It's of utmost importance to assess signs and symptoms of hypothyroidism in infants and children in addition to lab results when determining their thyroid hormone status and whether thyroid hormone supplementation is warranted or not.  Those signs and symptoms include:
  • Dull look
  • Puffy face
  • Thick, protruding tongue
  • Choking episodes
  • Constipation
  • Dry, brittle hair
  • Jaundice
  • Low muscle tone (floppy infant)
  • Low hairline
  • Poor feeding
  • Short height
  • Sleepiness
  • Sluggishness
  • Slow growth
  • Hoarse-sounding cry or voice
  • Short arms and legs
  • Very large soft spots on the skull (fontanelles)

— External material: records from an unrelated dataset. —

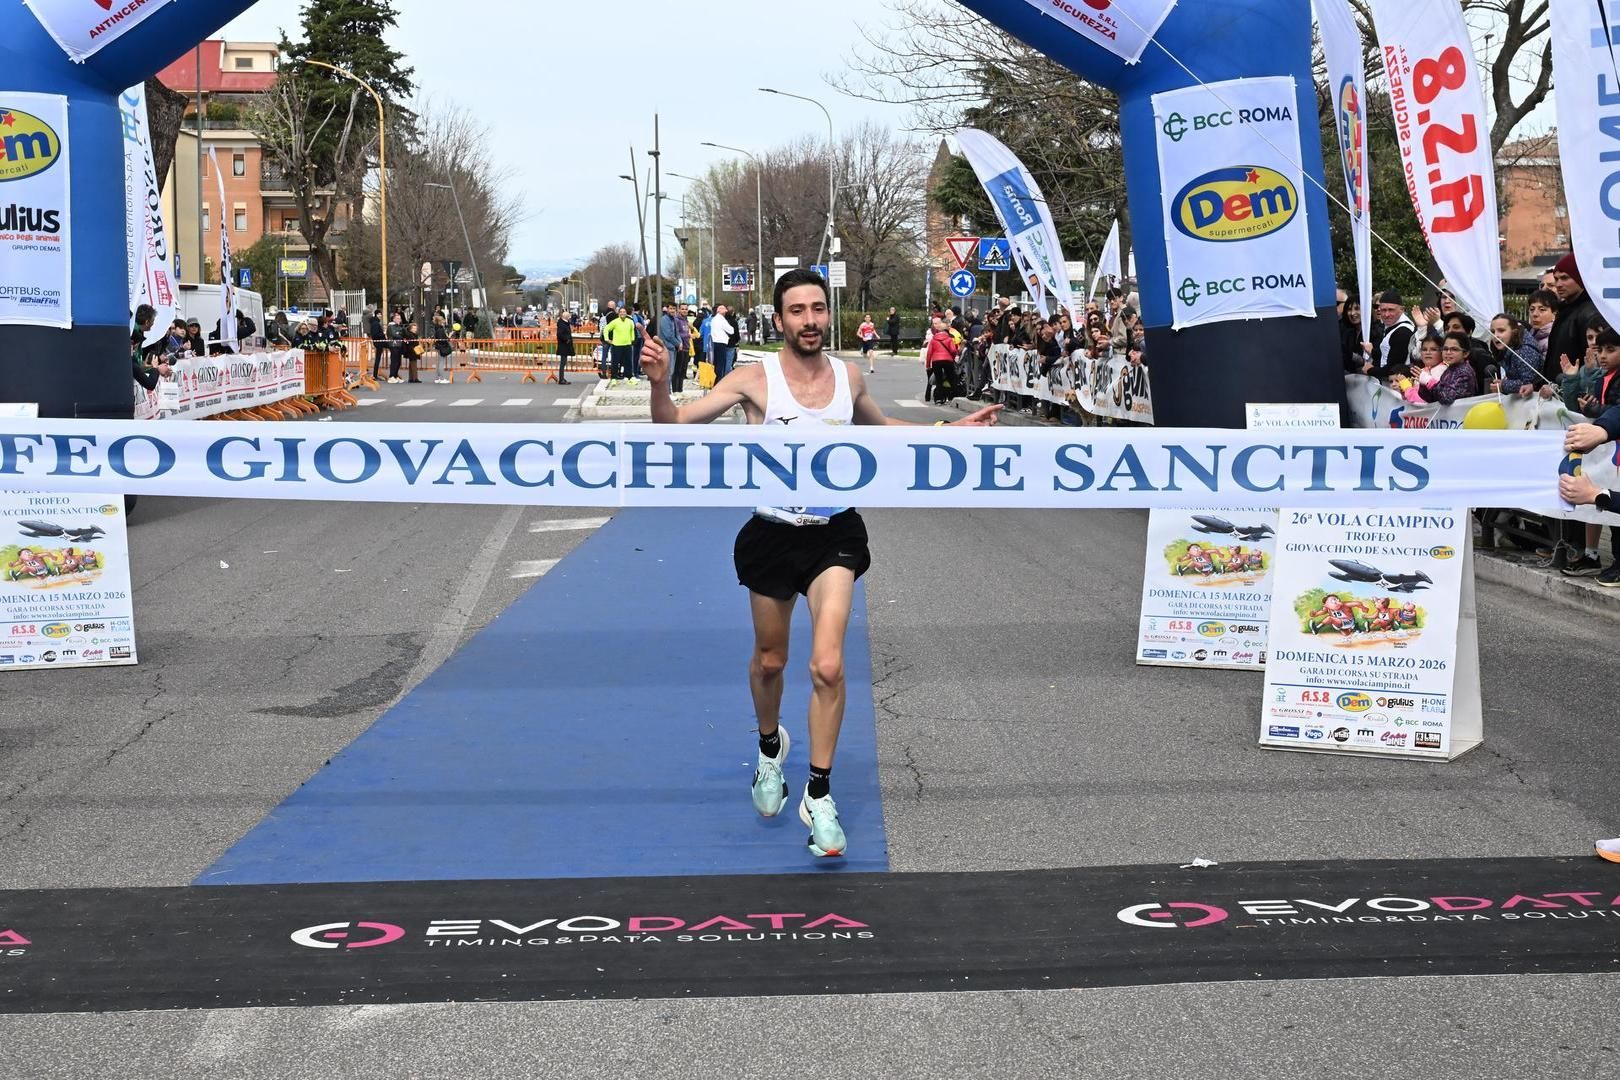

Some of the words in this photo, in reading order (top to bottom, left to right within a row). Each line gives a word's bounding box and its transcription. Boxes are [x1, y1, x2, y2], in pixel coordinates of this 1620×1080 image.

[1052, 0, 1116, 40] SICUREZZA
[1098, 13, 1118, 29] S.R.L.
[1193, 111, 1233, 130] BCC
[1238, 106, 1292, 124] ROMA
[1188, 185, 1292, 229] Dem
[1208, 220, 1274, 237] supermercati
[1206, 278, 1246, 296] BCC
[1251, 274, 1306, 290] ROMA
[0, 434, 177, 479] FEO
[205, 435, 878, 492] GIOVACCHINO
[906, 443, 1025, 492] DE
[1053, 443, 1431, 493] SANCTIS
[27, 497, 70, 506] TROFEO
[46, 508, 57, 516] DE
[59, 507, 100, 516] SANCTIS
[1316, 513, 1362, 527] VOLA
[1365, 514, 1455, 530] CIAMPINO
[1345, 532, 1396, 543] TROFEO
[1285, 543, 1363, 555] GIOVACCHINO
[1365, 545, 1379, 555] DE
[1382, 546, 1428, 557] SANCTIS
[48, 593, 60, 602] 15
[62, 592, 101, 601] MARZO
[104, 591, 126, 600] 2026
[1149, 588, 1207, 600] DOMENICA
[1209, 592, 1220, 600] 15
[1222, 592, 1261, 601] MARZO
[1276, 650, 1348, 665] DOMENICA
[1351, 655, 1364, 665] 15
[1367, 656, 1416, 669] MARZO
[1418, 659, 1446, 670] 2026
[1300, 667, 1324, 675] GARA
[1326, 668, 1336, 676] DI
[1338, 669, 1368, 678] CORSA
[1369, 671, 1381, 679] SU
[1382, 672, 1419, 681] STRADA
[1306, 676, 1325, 684] info:
[1327, 678, 1411, 690] www.volaciampino.it
[1301, 691, 1330, 703] A.S.8
[1342, 696, 1370, 708] Dem
[1237, 891, 1620, 916] EVODAT
[425, 912, 870, 937] EVODATA
[1256, 914, 1491, 928] TIMING&DATA
[424, 935, 662, 948] TIMING&DATA
[677, 931, 875, 943] SOLUTIONS

  • Wide hands with short fingers
Thyroid antibodies should always be checked when assessing thyroid status given the high prevalence of autoimmune induced hypothyroidism. Naturally, these antibodies ideally should be as low as possible. Once again reference ranges vary widely from lab to lab.  The Endocrine Society has determined the reference range for thyroid antibodies to be:
  • TPO (Thyroperoxidase) - < 2.0 IU/mL
  • TgAb (Thyroglobulin antibodies) - < 4.0 IU/mL
Functional medical physicians are also taught that TPO up to 15 IU/mL is normal. Reversing autoimmune hypothyroidism and lowering these antibodies is possible. The treatment for doing so is outside the scope of this article. I highly recommend working with a physician who is trained in treating the root cause of autoimmunity if you or a loved one has elevated thyroid antibodies.
In short, hypothyroidism should not be missed in any infant or child given the important role thyroid hormone plays in the health and development of children. Signs and symptoms should never be ignored and a complete and thorough check of all thyroid hormone levels should be conducted.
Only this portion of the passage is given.